WHAT YOU ARE ASKED TO DO:
From the line with "this 1200×1600 image." through the final line of the entries below, write out each line exactly and nothing else.

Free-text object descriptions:
|---|

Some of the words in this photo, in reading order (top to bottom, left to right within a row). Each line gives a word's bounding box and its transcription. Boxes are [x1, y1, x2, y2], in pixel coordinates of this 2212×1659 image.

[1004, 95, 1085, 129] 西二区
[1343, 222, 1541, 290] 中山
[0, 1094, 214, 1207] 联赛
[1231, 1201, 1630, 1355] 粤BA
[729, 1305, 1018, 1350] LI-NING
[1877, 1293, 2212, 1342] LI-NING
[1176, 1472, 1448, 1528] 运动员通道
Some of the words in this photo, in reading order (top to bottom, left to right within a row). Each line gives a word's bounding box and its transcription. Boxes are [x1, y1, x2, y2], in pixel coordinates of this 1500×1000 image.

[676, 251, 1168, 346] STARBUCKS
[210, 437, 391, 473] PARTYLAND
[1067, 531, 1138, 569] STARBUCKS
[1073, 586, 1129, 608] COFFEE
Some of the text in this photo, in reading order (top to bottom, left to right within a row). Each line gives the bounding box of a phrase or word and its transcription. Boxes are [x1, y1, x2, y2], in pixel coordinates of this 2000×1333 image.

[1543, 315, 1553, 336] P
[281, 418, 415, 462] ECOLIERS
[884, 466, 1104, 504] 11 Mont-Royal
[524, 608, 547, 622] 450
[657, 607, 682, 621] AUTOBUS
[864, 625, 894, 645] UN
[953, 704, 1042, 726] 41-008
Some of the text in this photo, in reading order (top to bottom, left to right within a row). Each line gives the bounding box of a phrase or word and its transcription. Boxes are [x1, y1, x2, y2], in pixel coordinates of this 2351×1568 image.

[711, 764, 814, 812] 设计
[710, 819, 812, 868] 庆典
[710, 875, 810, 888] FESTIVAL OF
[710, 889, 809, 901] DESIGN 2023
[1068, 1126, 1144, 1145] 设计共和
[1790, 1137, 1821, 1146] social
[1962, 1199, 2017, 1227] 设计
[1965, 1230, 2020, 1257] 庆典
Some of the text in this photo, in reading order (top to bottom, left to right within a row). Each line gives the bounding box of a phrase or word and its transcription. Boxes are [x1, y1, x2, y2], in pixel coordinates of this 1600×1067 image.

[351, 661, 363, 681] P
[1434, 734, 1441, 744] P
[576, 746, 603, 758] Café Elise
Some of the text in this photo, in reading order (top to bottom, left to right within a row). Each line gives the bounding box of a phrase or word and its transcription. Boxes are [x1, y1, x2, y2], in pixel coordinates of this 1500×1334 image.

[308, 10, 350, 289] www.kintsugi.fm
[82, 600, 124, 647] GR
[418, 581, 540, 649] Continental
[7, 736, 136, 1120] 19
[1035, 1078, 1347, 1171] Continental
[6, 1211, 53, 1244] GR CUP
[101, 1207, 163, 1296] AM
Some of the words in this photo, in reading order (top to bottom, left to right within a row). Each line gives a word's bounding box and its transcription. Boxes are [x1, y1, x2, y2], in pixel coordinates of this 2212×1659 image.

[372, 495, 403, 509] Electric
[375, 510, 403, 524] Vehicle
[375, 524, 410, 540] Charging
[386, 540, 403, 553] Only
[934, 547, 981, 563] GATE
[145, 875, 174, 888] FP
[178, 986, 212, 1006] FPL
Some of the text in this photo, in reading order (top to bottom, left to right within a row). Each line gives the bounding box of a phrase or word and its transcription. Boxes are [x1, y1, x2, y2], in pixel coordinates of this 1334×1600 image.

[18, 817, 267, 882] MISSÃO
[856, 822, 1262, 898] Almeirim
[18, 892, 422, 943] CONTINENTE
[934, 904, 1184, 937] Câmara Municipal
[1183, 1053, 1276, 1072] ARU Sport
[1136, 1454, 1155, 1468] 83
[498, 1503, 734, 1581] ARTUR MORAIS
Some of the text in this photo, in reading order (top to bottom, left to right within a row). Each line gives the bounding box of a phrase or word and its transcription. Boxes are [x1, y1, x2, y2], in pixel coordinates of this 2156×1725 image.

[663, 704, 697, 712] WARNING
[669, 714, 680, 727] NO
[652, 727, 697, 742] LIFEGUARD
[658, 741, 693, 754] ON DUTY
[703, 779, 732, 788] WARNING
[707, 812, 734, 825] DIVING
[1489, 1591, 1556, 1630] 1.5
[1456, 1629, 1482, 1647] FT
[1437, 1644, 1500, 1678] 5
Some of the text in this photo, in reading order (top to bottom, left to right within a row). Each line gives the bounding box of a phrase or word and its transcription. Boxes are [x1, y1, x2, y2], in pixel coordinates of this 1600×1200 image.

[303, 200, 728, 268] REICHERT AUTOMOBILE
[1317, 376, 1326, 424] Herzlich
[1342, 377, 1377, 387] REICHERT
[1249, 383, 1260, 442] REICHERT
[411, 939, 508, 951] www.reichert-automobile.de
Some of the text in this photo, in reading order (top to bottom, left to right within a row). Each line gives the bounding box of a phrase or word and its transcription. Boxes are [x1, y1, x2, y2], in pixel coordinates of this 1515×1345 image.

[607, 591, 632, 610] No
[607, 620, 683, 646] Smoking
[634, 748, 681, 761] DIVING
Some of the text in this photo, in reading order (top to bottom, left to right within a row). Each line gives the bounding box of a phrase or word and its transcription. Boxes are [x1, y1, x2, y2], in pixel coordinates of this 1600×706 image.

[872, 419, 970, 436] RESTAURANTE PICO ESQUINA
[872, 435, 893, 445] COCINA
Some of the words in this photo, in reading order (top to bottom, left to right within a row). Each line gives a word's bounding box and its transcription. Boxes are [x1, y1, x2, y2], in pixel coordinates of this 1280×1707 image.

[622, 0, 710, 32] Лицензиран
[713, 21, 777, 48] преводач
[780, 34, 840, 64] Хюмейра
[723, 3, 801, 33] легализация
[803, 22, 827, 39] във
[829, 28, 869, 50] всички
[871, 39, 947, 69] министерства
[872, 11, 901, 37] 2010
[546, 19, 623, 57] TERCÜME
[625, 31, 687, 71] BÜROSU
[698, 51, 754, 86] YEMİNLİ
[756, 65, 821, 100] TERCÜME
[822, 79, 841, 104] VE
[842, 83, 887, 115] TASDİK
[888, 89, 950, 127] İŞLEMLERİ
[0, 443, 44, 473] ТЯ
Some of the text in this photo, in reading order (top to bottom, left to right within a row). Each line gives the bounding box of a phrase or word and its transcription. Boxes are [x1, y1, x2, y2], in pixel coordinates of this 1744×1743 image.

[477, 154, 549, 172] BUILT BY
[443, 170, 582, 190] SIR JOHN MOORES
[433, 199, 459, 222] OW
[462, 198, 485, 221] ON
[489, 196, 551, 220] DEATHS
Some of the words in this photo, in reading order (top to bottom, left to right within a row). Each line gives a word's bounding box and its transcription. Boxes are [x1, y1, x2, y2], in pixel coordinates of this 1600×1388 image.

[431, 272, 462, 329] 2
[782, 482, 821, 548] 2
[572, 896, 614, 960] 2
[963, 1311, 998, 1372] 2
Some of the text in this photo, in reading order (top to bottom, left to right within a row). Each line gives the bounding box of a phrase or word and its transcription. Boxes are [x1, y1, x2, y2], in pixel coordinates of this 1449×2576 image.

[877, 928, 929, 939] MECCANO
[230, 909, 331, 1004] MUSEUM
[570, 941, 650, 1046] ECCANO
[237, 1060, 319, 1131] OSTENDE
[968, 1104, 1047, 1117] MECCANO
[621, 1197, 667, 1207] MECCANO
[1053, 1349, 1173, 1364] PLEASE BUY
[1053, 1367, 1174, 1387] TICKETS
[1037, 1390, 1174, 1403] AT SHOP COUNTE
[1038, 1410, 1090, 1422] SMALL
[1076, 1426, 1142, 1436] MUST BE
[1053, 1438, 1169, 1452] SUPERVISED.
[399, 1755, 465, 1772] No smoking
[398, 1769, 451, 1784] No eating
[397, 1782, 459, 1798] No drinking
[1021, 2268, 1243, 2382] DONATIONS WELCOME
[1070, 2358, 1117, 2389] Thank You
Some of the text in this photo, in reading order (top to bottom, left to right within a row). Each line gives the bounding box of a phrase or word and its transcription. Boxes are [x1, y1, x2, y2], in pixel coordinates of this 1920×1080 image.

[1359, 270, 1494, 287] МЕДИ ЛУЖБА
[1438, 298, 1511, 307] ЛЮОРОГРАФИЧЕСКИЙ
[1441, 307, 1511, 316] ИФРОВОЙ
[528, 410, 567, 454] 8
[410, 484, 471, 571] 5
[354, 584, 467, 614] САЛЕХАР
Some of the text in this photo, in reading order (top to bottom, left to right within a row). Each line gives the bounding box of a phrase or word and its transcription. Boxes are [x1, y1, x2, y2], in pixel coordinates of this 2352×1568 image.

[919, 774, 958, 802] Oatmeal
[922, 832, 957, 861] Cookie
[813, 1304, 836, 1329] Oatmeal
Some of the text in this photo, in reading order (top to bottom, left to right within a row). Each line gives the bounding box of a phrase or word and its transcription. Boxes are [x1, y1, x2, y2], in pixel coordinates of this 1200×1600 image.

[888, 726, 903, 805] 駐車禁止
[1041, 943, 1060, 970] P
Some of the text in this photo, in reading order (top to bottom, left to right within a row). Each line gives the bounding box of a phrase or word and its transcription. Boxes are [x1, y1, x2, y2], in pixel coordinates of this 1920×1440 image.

|---|

EXERCISE OUTPUT:
Some of the text in this photo, in reading order (top to bottom, left to right within a row). Each line gives the bounding box of a phrase or word and its transcription. Boxes are [x1, y1, x2, y2], in pixel coordinates of this 1200×1600 image.

[888, 726, 903, 805] 駐車禁止
[1041, 943, 1060, 970] P
Some of the text in this photo, in reading order (top to bottom, left to right within a row). Each line gives the bounding box of a phrase or word and its transcription. Boxes are [x1, y1, x2, y2], in pixel coordinates of this 1920×1440 image.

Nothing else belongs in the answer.